Abstract The main roles of the DnaA protein are to bind the origin of chromosome replication ( oriC ), to unwind DNA and to provide a hub for the step‐wise assembly of a replisome. DnaA is composed of four domains, with each playing a distinct functional role in the orisome assembly. Out of the four domains, the role of domain I is the least understood and appears to be the most species‐specific. To better characterise Helicobacter pylori DnaA domain I, we have constructed a series of DnaA variants and studied their interactions with H. pylori bipartite oriC . We show that domain I is responsible for the stabilisation and organisation of DnaA‐ oriC complexes and provides cooperativity in DnaA–DNA interactions.

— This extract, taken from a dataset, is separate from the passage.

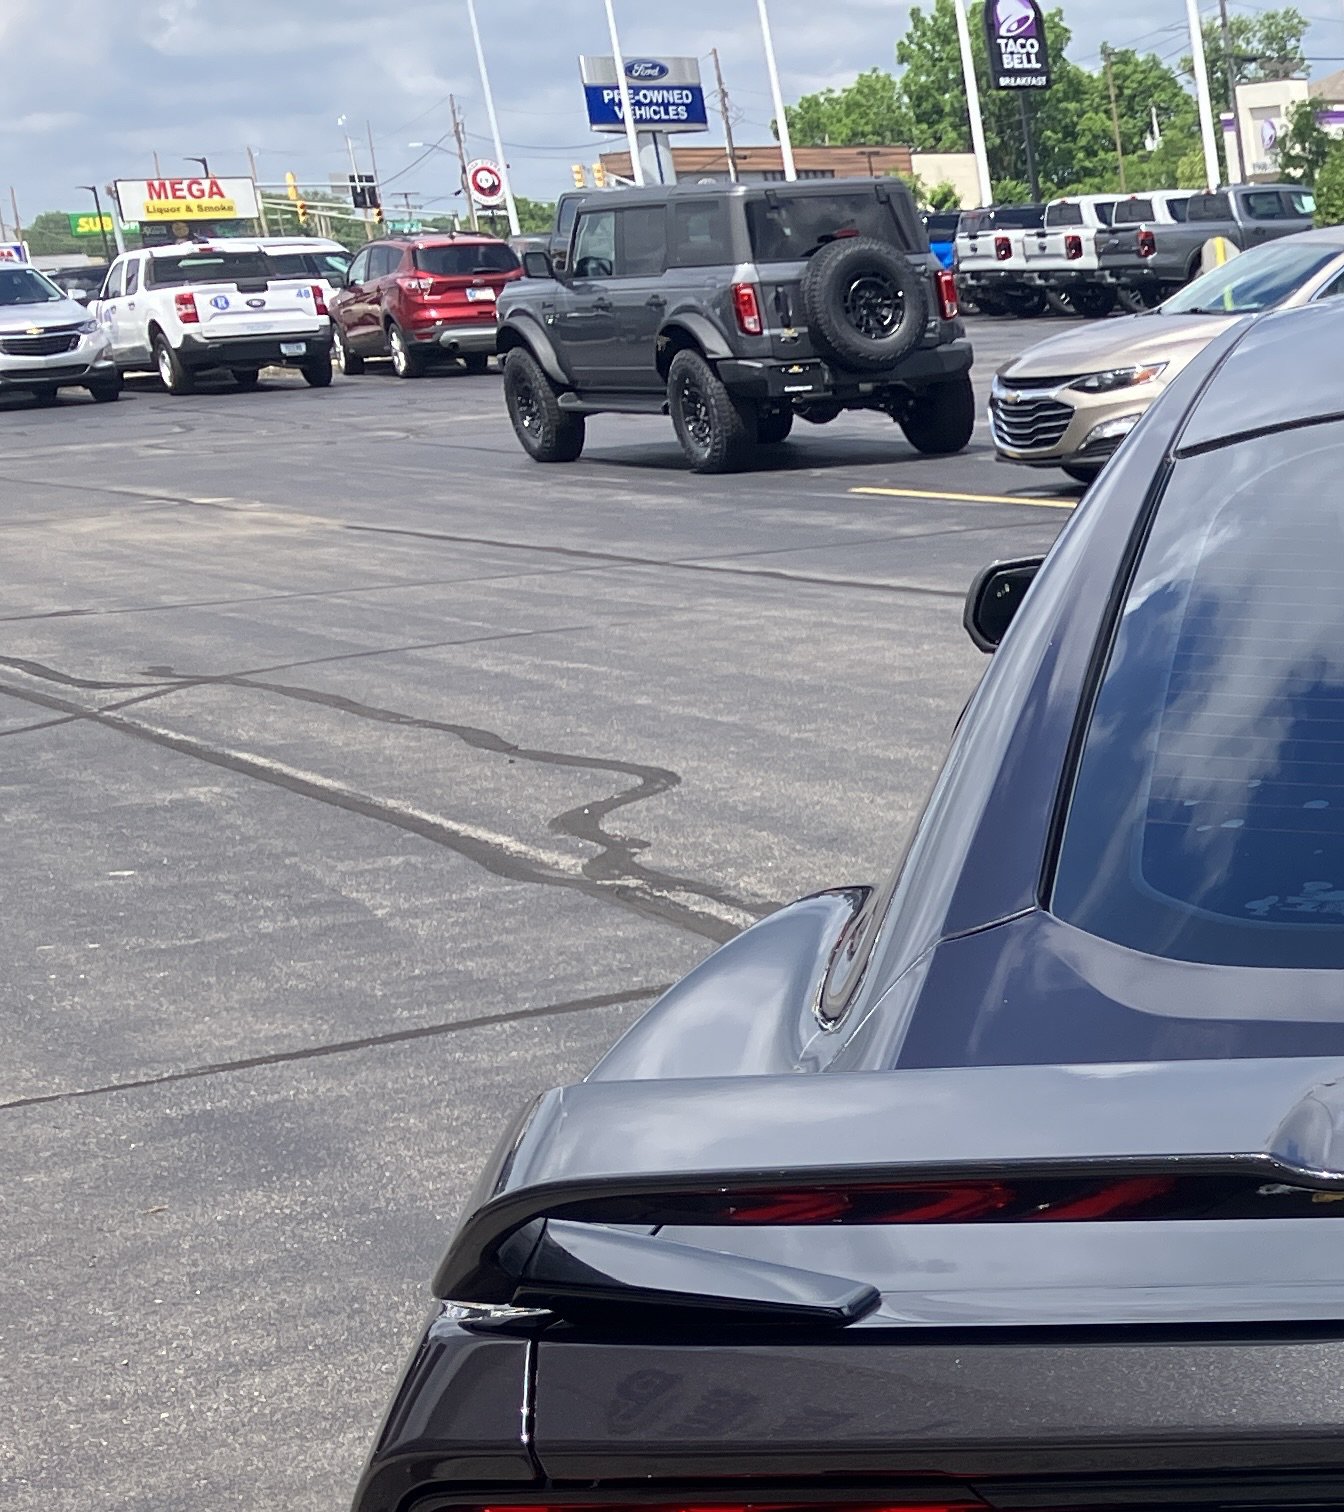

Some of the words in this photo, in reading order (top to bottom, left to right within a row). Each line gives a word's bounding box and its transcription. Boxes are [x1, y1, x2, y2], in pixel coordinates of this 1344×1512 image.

Domain I mediates cross‐interactions between oriC subcomplexes, which indicates that domain I is important for long‐distance DnaA interactions and is essential for orisosme assembly on bipartite origins. HobA, which interacts with domain I, increases the DnaA binding to bipartite oriC ; however, it does not stimulate but rather inhibits DNA unwinding. This suggests that HobA helps DnaA to bind oriC , but an unknown factor triggers DNA unwinding. Together, our results indicate that domain I self‐interaction is important for the DnaA assembly on bipartite H. pylori oriC.